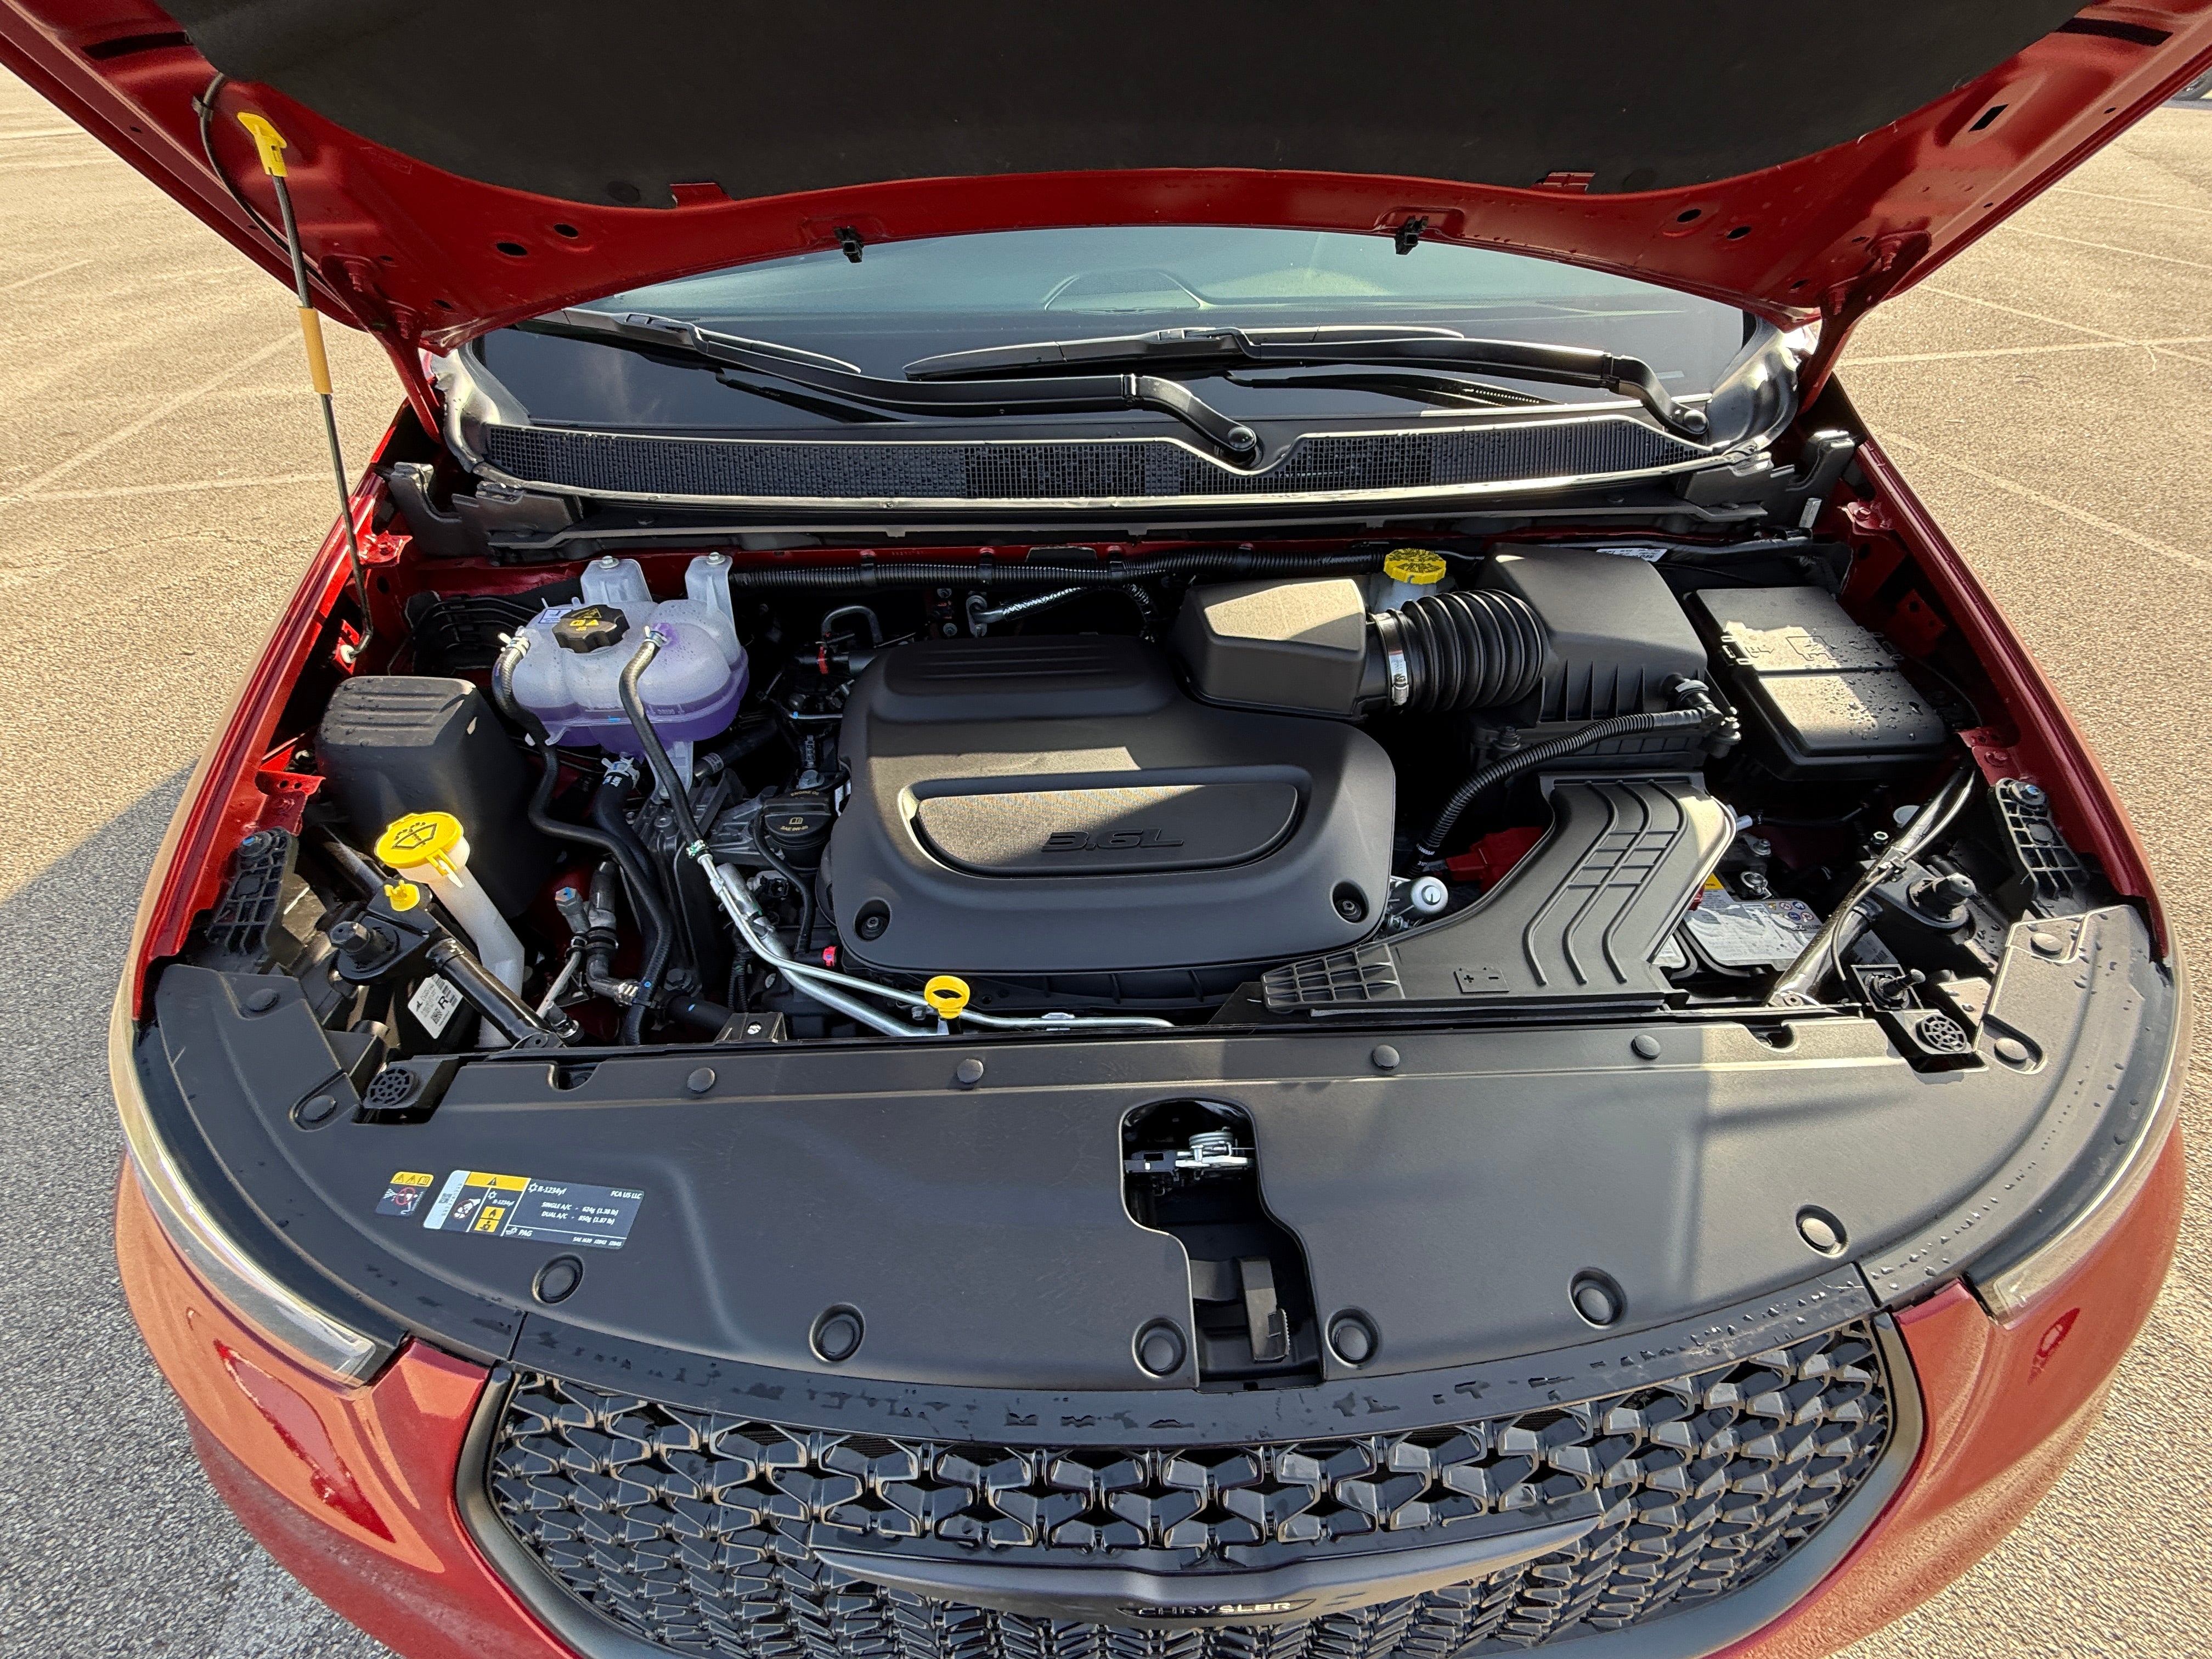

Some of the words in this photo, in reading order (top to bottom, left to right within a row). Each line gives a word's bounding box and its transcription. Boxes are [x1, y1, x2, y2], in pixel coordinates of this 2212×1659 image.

[1041, 827, 1184, 853] 3.6L
[438, 996, 449, 1009] R
[538, 1186, 567, 1196] R-1234yf
[518, 1229, 533, 1237] PAG
[1138, 1602, 1291, 1615] CHRYSLER
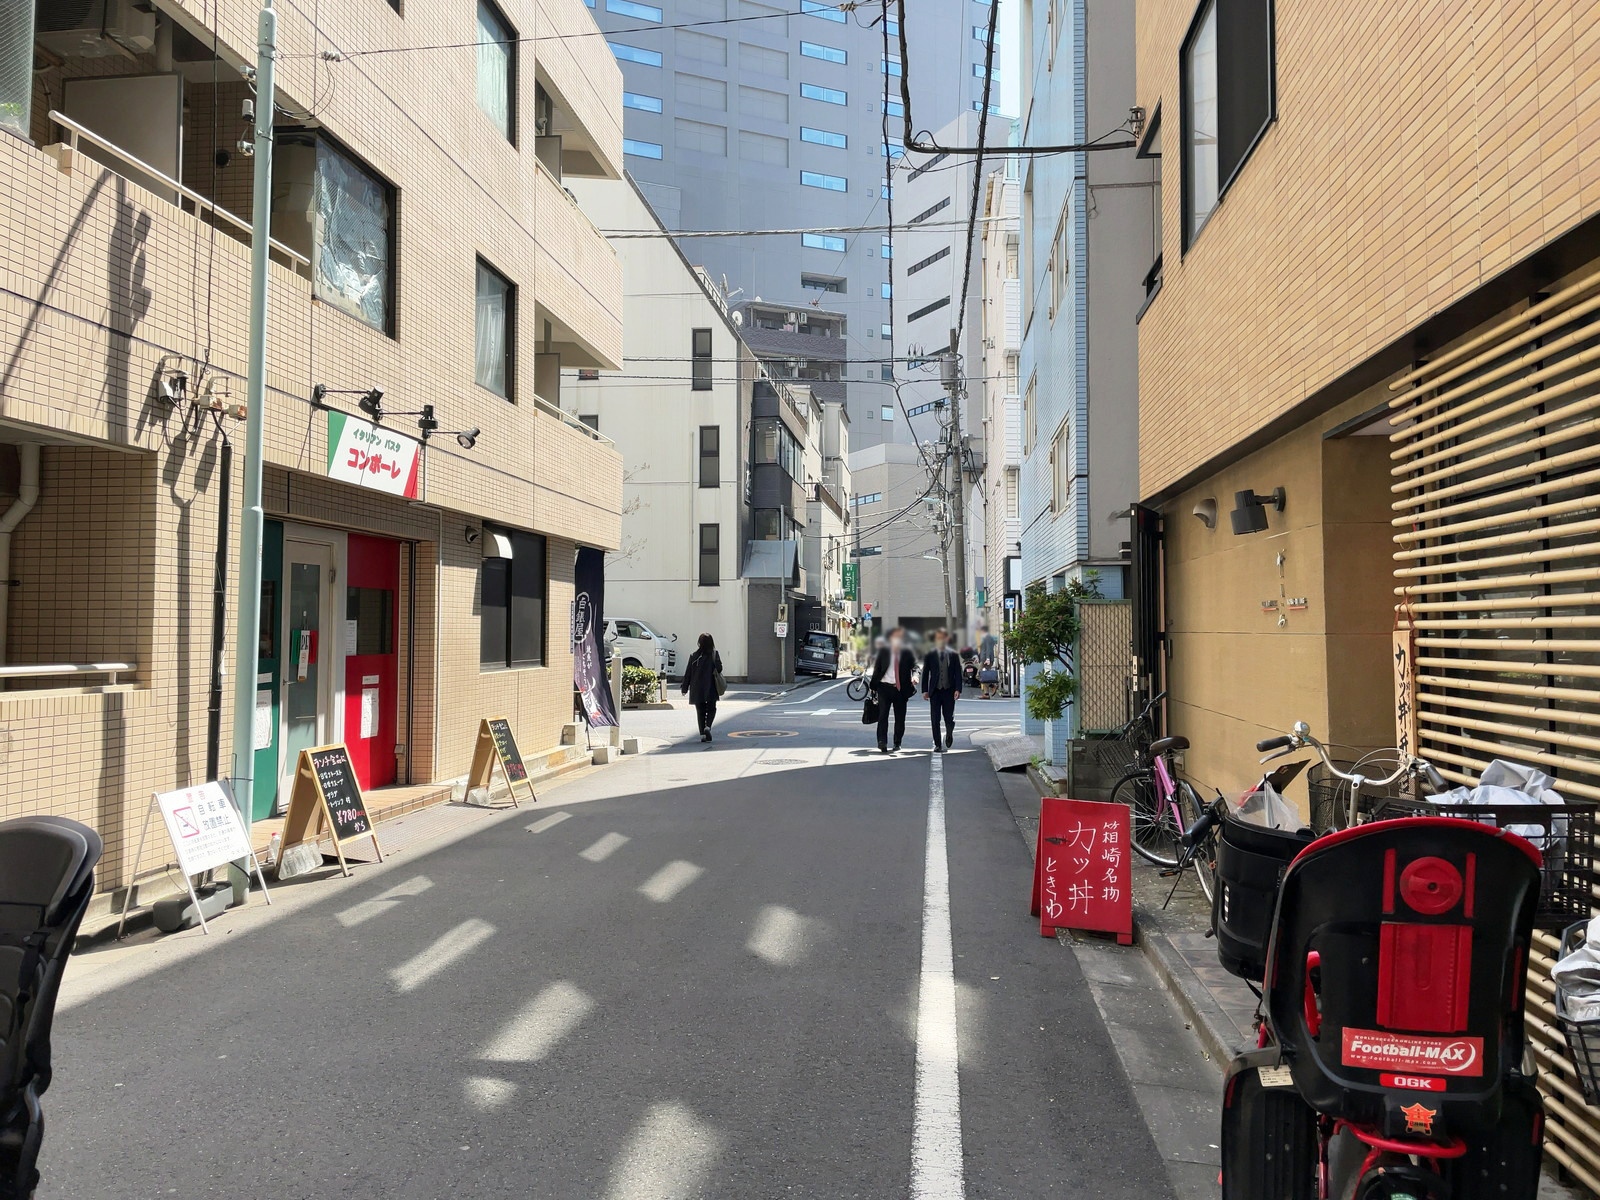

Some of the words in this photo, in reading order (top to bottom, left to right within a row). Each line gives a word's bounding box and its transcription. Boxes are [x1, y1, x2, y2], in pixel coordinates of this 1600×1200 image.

[353, 428, 382, 446] イタリアン
[384, 438, 401, 453] パスタ
[347, 447, 401, 479] コンボーレ
[1068, 820, 1097, 915] カツ丼
[1101, 820, 1122, 903] 箱崎名物
[1045, 856, 1063, 919] ときわ
[1350, 1054, 1438, 1065] www.football-max.com
[1351, 1040, 1466, 1061] Football-MAX
[1393, 1076, 1432, 1089] OGK
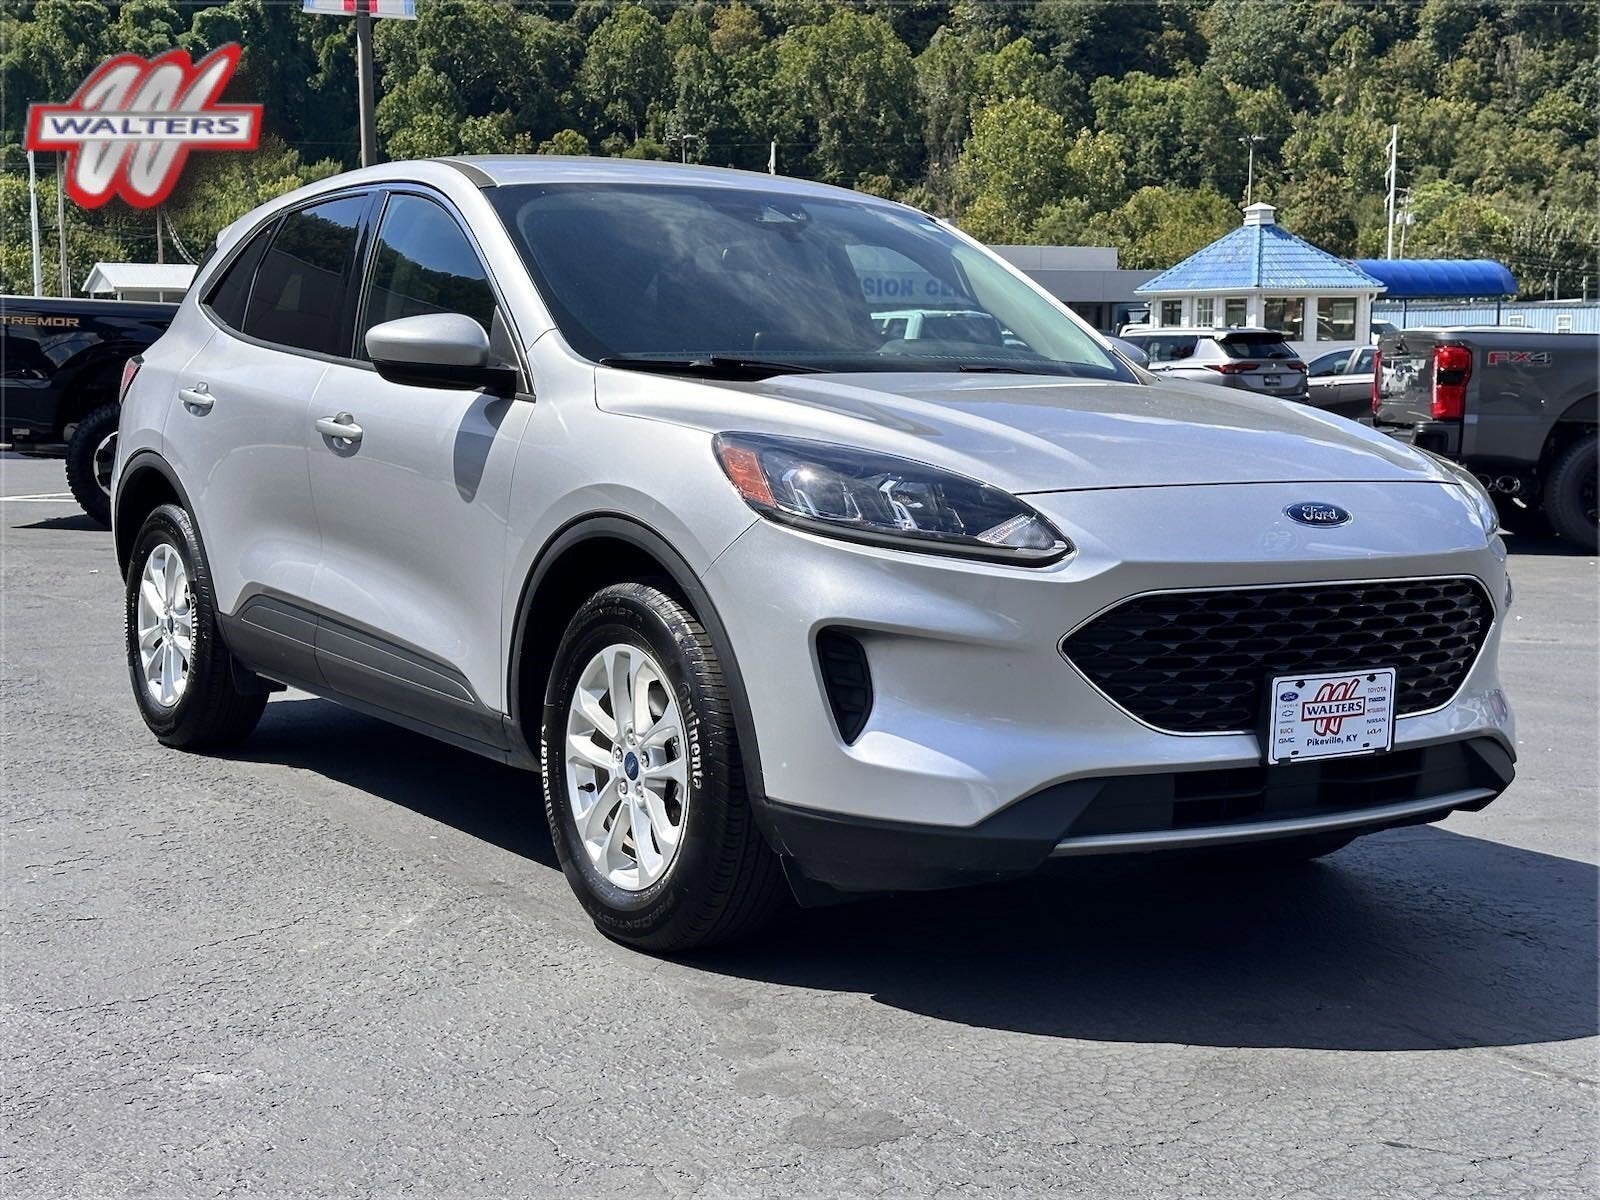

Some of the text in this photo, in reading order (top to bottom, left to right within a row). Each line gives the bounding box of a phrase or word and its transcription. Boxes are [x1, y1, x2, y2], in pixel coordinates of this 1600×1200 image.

[0, 316, 80, 328] TREMOR
[1488, 351, 1552, 367] FX4
[1367, 686, 1387, 694] TOYOTA
[1283, 692, 1296, 701] Ford
[1306, 701, 1362, 716] WALTERS
[1366, 717, 1386, 725] NISSAN
[1280, 727, 1295, 735] BUICK
[1346, 733, 1358, 743] KY
* * * *
Your answer should be every entry repeated exactly, minus the pictures.

Some of the words in this photo, in reading order (top to bottom, left to right within a row). Each line gives a word's bounding box and its transcription. Boxes are [x1, y1, x2, y2], in pixel coordinates of this 2212×1659 image.

[1041, 827, 1184, 853] 3.6L
[438, 996, 449, 1009] R
[538, 1186, 567, 1196] R-1234yf
[518, 1229, 533, 1237] PAG
[1138, 1602, 1291, 1615] CHRYSLER

Some of the words in this photo, in reading order (top to bottom, left to right within a row). Each line gives a word's bounding box and its transcription. Boxes are [x1, y1, x2, y2], in pixel coordinates of this 1600×1200 image.

[353, 428, 382, 446] イタリアン
[384, 438, 401, 453] パスタ
[347, 447, 401, 479] コンボーレ
[1068, 820, 1097, 915] カツ丼
[1101, 820, 1122, 903] 箱崎名物
[1045, 856, 1063, 919] ときわ
[1350, 1054, 1438, 1065] www.football-max.com
[1351, 1040, 1466, 1061] Football-MAX
[1393, 1076, 1432, 1089] OGK

Some of the text in this photo, in reading order (top to bottom, left to right within a row). Each line gives the bounding box of a phrase or word and its transcription. Boxes are [x1, y1, x2, y2], in pixel coordinates of this 1600×1200 image.

[0, 316, 80, 328] TREMOR
[1488, 351, 1552, 367] FX4
[1367, 686, 1387, 694] TOYOTA
[1283, 692, 1296, 701] Ford
[1306, 701, 1362, 716] WALTERS
[1366, 717, 1386, 725] NISSAN
[1280, 727, 1295, 735] BUICK
[1346, 733, 1358, 743] KY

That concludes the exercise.